FOREIGN POLICY -- The Obama administration's minimalist foreign policy, animated by domestic political expediency and a cramped view of America's responsibilities to uphold the liberal international order from which it has benefited so richly, can lead observers to forget what a more traditionally engaged foreign policy even looks like. The new national security strategy developed by a bipartisan group under the aegis of the Project for a United and Strong America fills that gap. It maps out a robust vision of a foreign policy guided by the belief that the United States is not "the dispensable nation" but in fact has a singular role to play in sustaining a world safe for the values and interests of free peoples.

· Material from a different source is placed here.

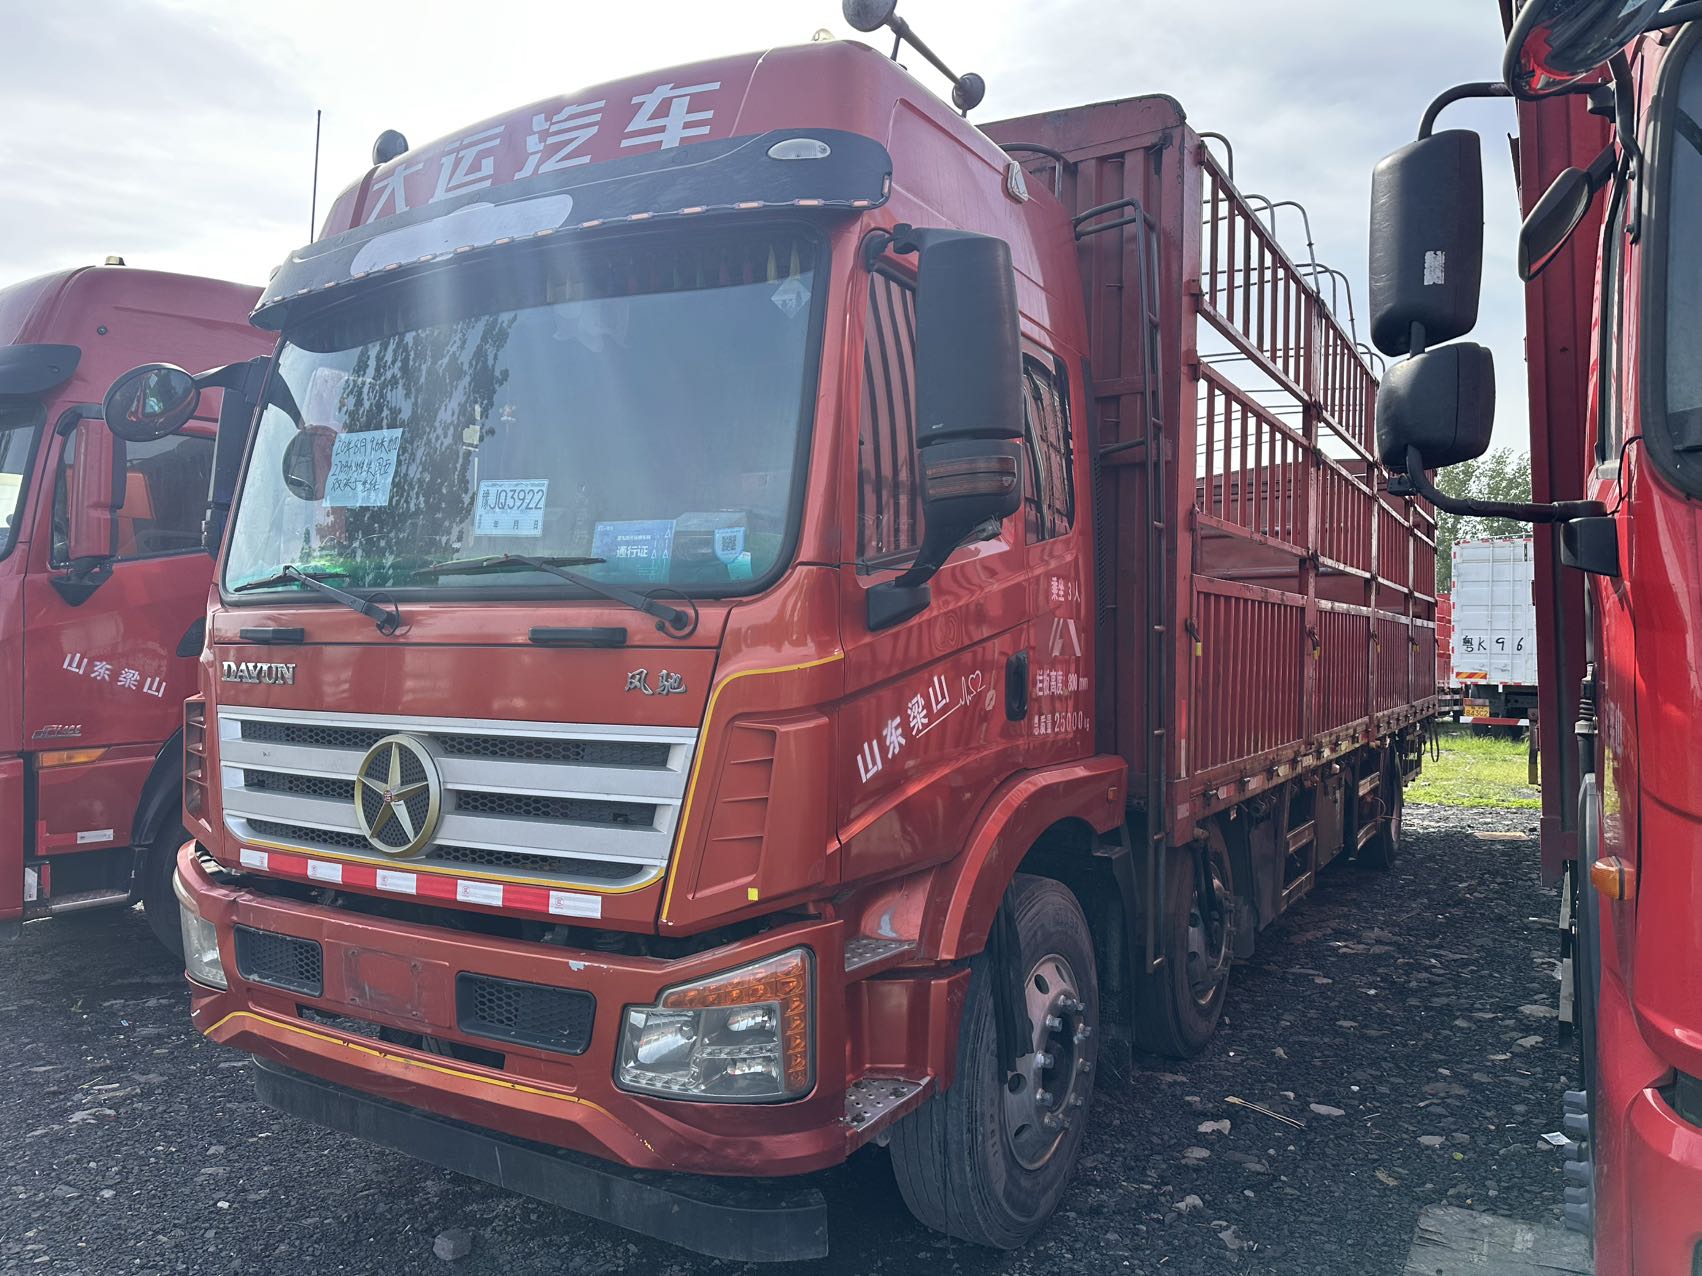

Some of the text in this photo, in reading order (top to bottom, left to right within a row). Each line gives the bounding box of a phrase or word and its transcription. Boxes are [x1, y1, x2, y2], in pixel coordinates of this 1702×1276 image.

As attested by the bipartisan constitution of the group that produced the report -- chaired by Kurt Volker of the McCain Institute and Jim Goldgeier of American University and drafted by Ash Jain of the German Marshall Fund -- this is not a Republican or Democratic vision. It is an American internationalist ambition that pays tribute to the legacies of Truman and Reagan. It is also a potent antidote to the policies of retrenchment and buck-passing that have characterized U.S. foreign policy since 2009.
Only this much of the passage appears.